Anonymous wrote:Anonymous wrote:Anonymous wrote:Anonymous wrote:Anonymous wrote:Anonymous wrote:Anonymous wrote:Anonymous wrote:Anonymous wrote:The difference in the facilities budget does feel unfair (DCPS school renovations are funded through the Capital Budget and DGS, while charters have limited funding through the schools budget, which is why we see these insane renovations for DCPS schools but charter schools feel more modest.)
Only a handful of DCPS schools have gotten "insane renovations," and those were politically driven.
Most DCPS buildings suck, and when they do get renovated, it is at minimal quality. Then they don't get maintained.
You want to rely on DGS for your facilities? We'd be happy to trade places on that one.
Not even close to accurate. Full lost here. https://dgs.dc.gov/dgs-projects/completed-dgs-school-projects. Including...
Benjamin Banneker Academic HS (2021)
Duke Ellington School of the Arts (2017)
Roosevelt High School (2016)
Coolidge High School (2019)
Bard High School Early College DC (2023)
MacArthur High School (2023)
Eliot-Hine Middle School (2020)
MacFarland Middle School (2018)
Marie Reed Elementary/Education Campus (2017)
Alice Deal Middle School (2022)
Bancroft Elementary (2018)
Eaton Elementary (2022)
Lafayette Elementary (2016)
Murch Elementary (2018)
Van Ness Elementary (2015-2017)
Maury Elementary (2019)
Kimball Elementary (2020)
Garfield Elementary (2024)
Smothers Elementary (2023)
J.O. Wilson Elementary (2026)
Tubman Elementary (2026)
Malcolm X @ Green Elementary (2026)
Thomas Elementary (2027-8)
Um. Yeah, there are a lot of schools and, at some point, they all need renovation.

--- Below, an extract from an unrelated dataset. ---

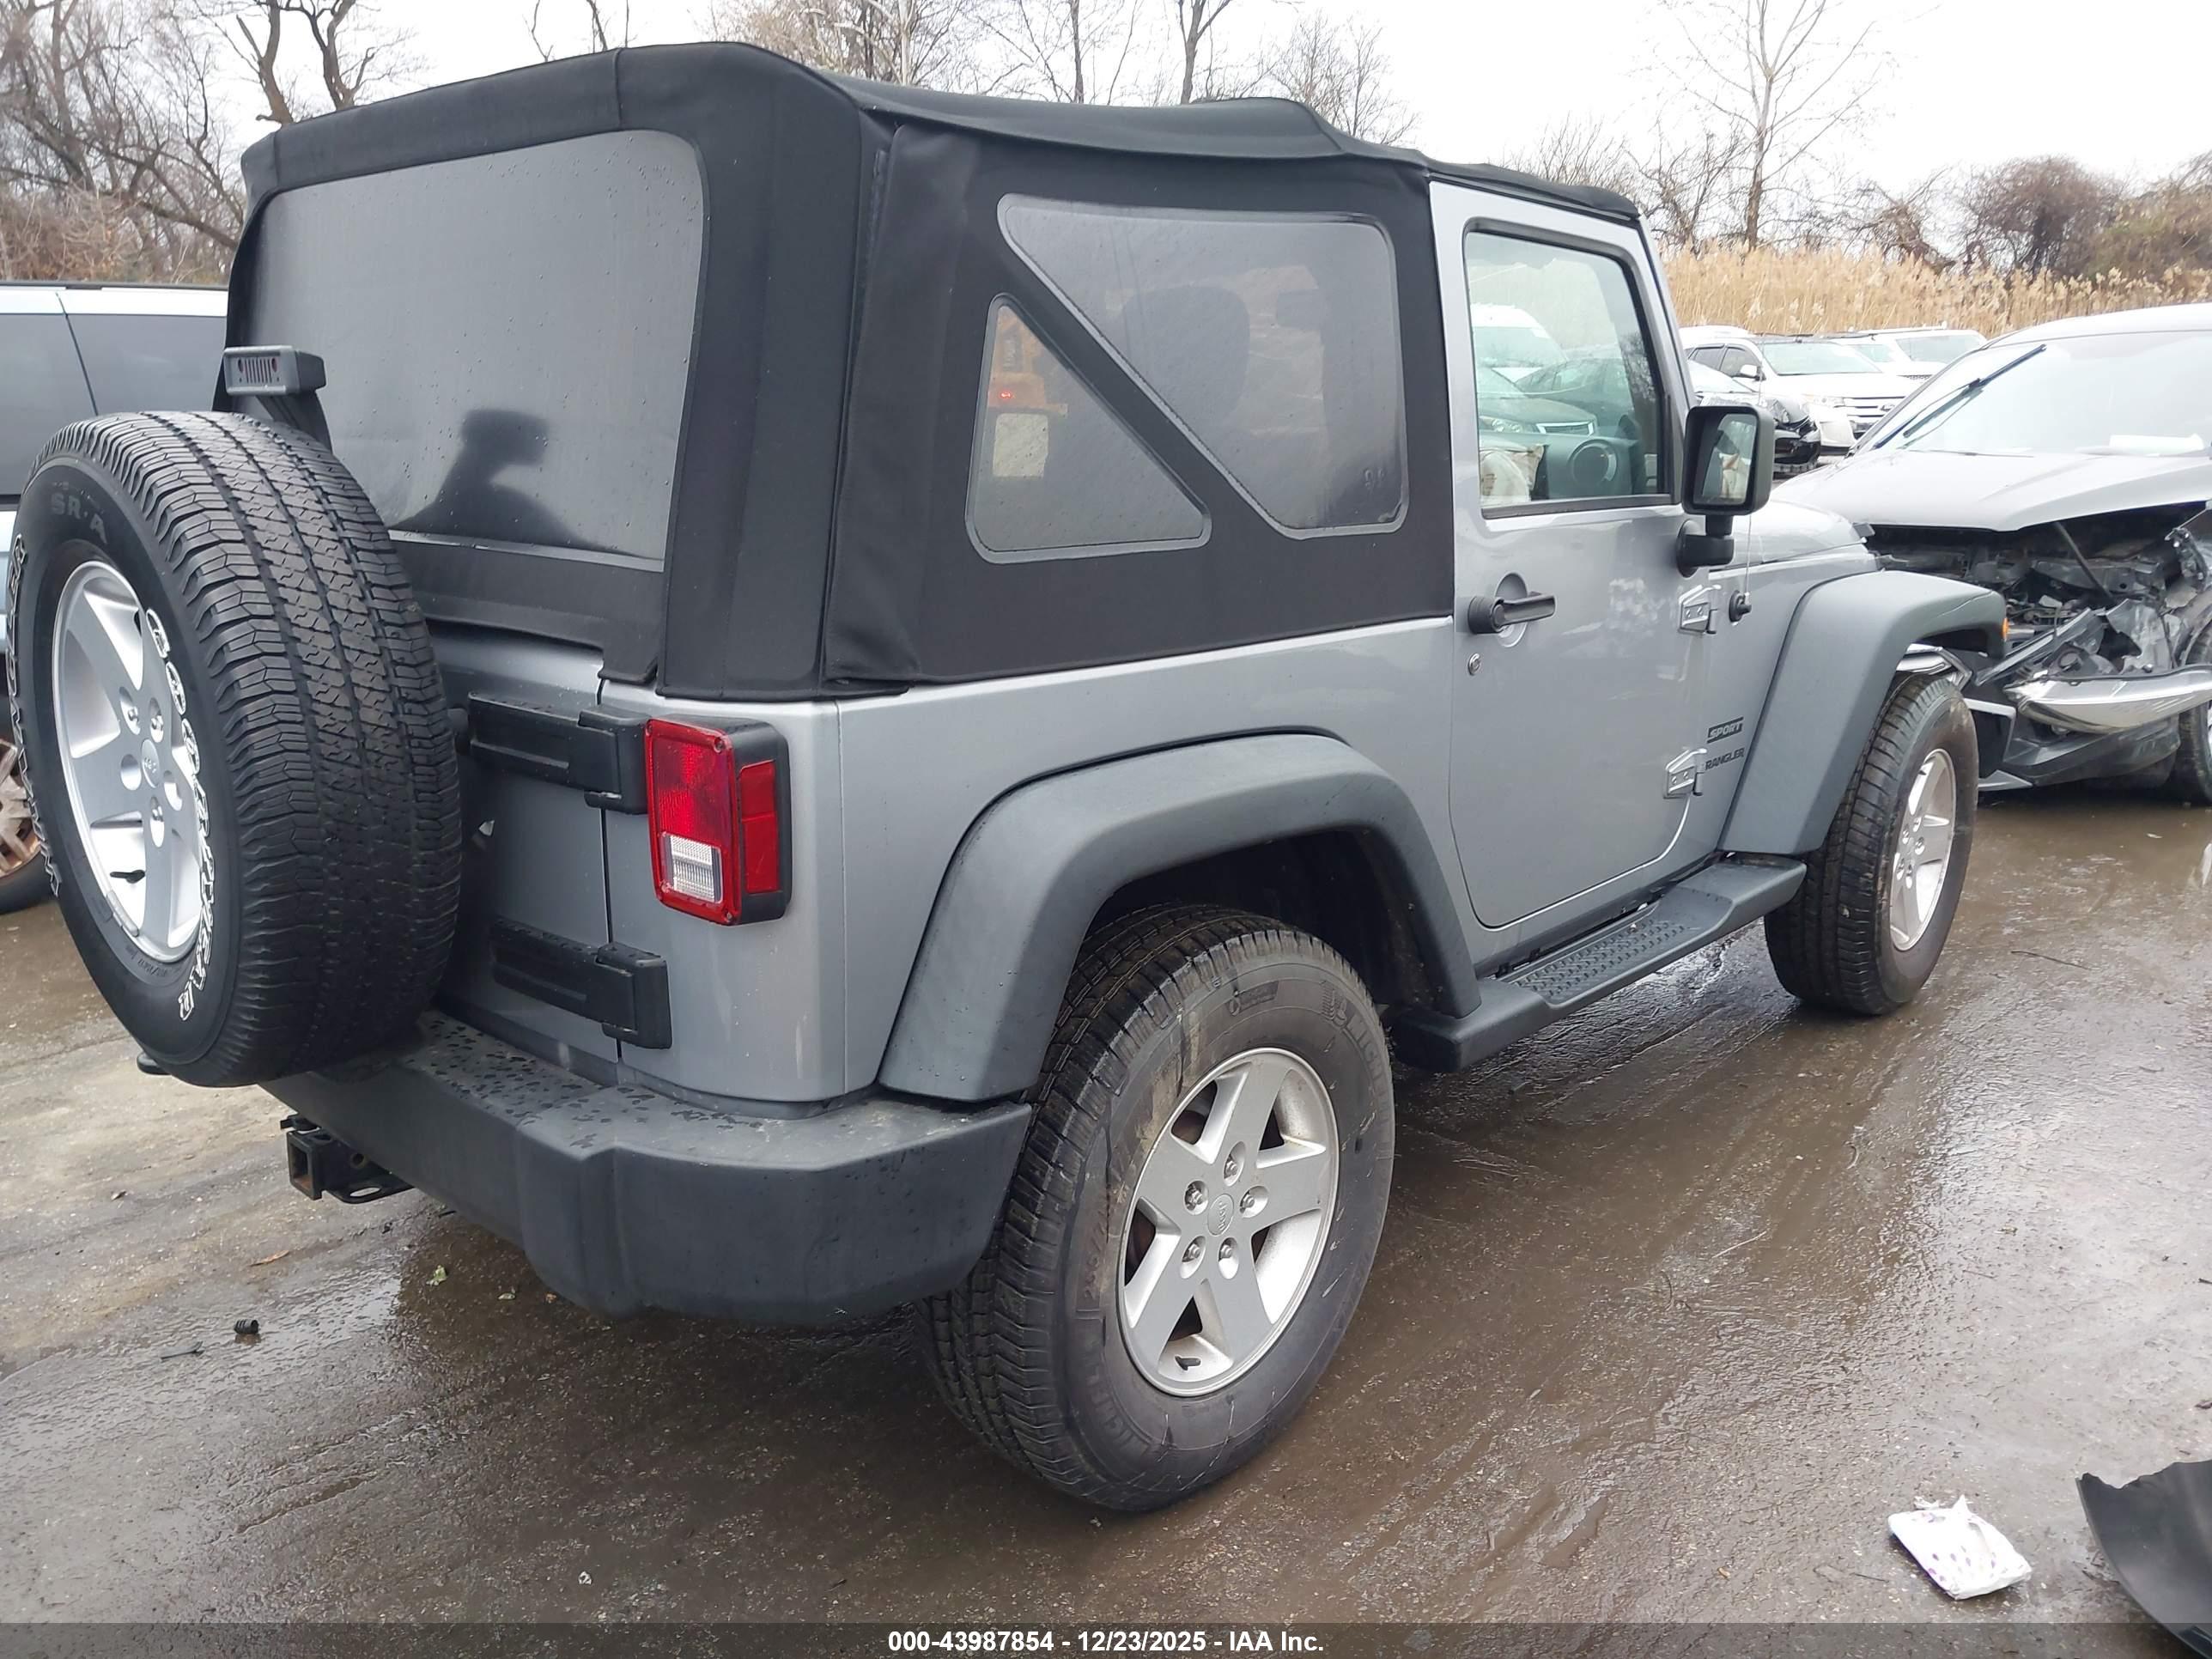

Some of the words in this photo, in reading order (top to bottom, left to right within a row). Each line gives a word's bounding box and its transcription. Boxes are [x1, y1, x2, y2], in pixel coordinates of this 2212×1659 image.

As I stated in the post you responded to, most renovations are very minimal on costs.
A handful of schools have had fancy renovations that are hard to understand based on enrollment numbers. But most of the list above? Very necessary, thrifty renovations.
I know I shouldn't waste my time on low information people like you, but I just can't help myself. You remind me of Colbert at the Correspondents Dinner talking about truthiness. You feel these things and state them like facts and they are based on nothing. Or maybe you think $50 million is "minimal" or "thrifty"? LOL.
These are the FACTS. Please enjoy.
Benjamin Banneker Academic HS $125.8 Million
Duke Ellington School of the Arts $178.5 Million
Roosevelt High School $136.5 Million
Coolidge High School $160.0 Million
Bard High School Early College DC $80.2 million
MacArthur High School $81.0 Million
Eliot-Hine Middle School $91.0 Million
MacFarland Middle School $62 Million
Marie Reed Elementary/Education Campus $63 million
Alice Deal Middle School $45.0 Million
Bancroft Elementary $74.0 Million
Eaton Elementary $58.7 Million
Lafayette Elementary $70.4 Million
Murch Elementary $83.0 Million
Van Ness Elementary $32.4 Million
Maury Elementary $52.0 Million
Kimball Elementary $55.6 Million
Garfield Elementary $60.5 Million
Smothers Elementary $53 Million
J.O. Wilson Elementary $80-100 Million
Tubman Elementary $80-100 Million
Malcolm X @ Green Elementary $54-60 Million
Thomas Elementary $80-100 Million
My belief: The total budget and the amount actually spent on on-site construction, material, and labor are 2 different things. You know, the politics part -- the gifts to the developers and middlemen that never make it to the facility housing students and teachers.
That's a thing for sure. But also, giving the school what the parents there want, because they have some advocacy ability. The localized nature of DCPS means it's easier to get your own council reps to pay attention.
Also, historic building regulations add complexity. And the oldness and disrepair of the buildings can make the renovation harder. For example, asbestos-- a charter would simply not choose to rent or buy that building, but DCPS is pretty much stuck with it and has to actually remediate the problem, and that can be costly.
I continue to think below-market charter leases are an off-the-books subsidy, but I don't know how to estimate the size of it.
You're just making up stuff you don't know to be true. There are few facilities easily available to charters and many take what they can get. That comes along with asbestos and other necessary remediation.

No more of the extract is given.